Alaipayuthey is a Tamil-language romantic drama film directed by Mani Ratnam, which was released in 2000. The movie tells the story of a young couple, Karthik and Shakthi, who fall in love and get married against their parent’s wishes. As they try to navigate the challenges of married life, they are forced to confront the realities of adulthood and the complexities of human relationships.

The movie begins with Karthik, played by Madhavan, meeting Shakthi, played by Shalini, on a train ride in Chennai. Their initial interactions are awkward and hesitant, but they are drawn to each other’s company. As they part ways, they exchange phone numbers and begin talking to each other regularly. Soon, they realize they are in love and decide to get married.

However, their parents are against it as they come from different social backgrounds. Despite their parents’ objections, Karthik and Shakthi elope and get married. They begin their life together, but their happiness is short-lived as they soon realize that marriage is not just about love, but also about understanding and compromise.

The movie beautifully depicts the struggles of a young couple trying to make their marriage work. From adjusting to each other’s families to managing their careers and finances, Karthik and Shakthi face a variety of challenges that put their relationship to the test.

As the story progresses, we see the couple’s relationship mature and evolve. They learn to communicate better, understand each other’s needs, and work through their issues. However, their relationship is tested once again when Shakthi is involved in a serious accident that leaves her in a coma. Karthik is forced to confront the possibility of losing his wife and the regret of not having fully appreciated her while she was still with him.

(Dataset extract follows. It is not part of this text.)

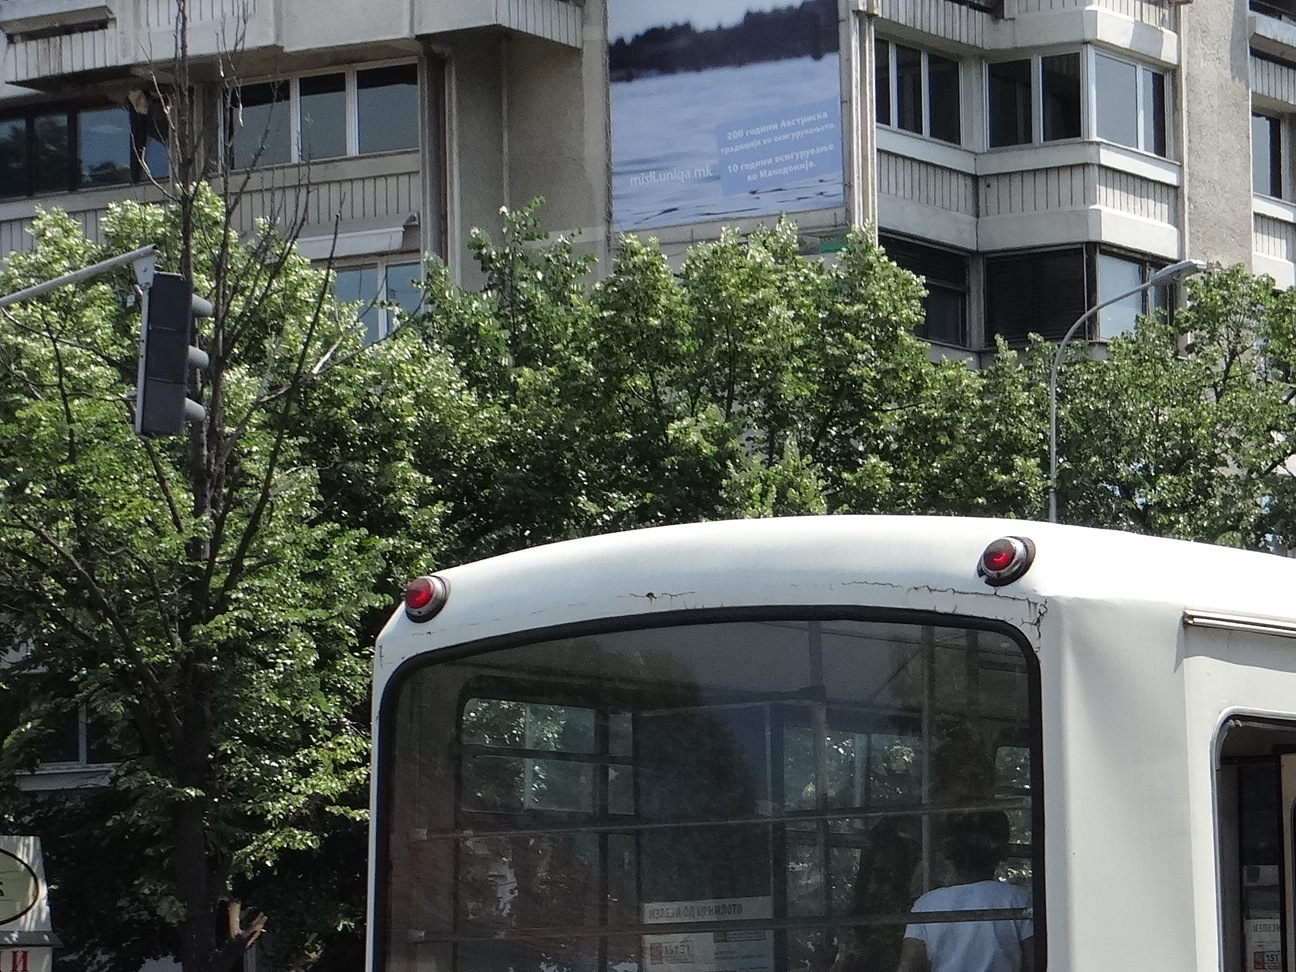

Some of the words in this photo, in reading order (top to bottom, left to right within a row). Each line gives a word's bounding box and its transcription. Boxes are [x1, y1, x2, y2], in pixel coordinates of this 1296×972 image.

Alaipayuthey is a touching and emotional story that highlights the beauty and complexity of love and relationships. The film’s music, composed by A.R. Rahman, is an absolute treat and perfectly captures the emotions of the characters. The chemistry between Madhavan and Shalini is also noteworthy, and their performances are heartfelt.

Overall, Alaipayuthey is a must-watch for anyone who believes in the power of love and the importance of communication and understanding in relationships. It is a timeless classic that will continue to be cherished by audiences for generations to come.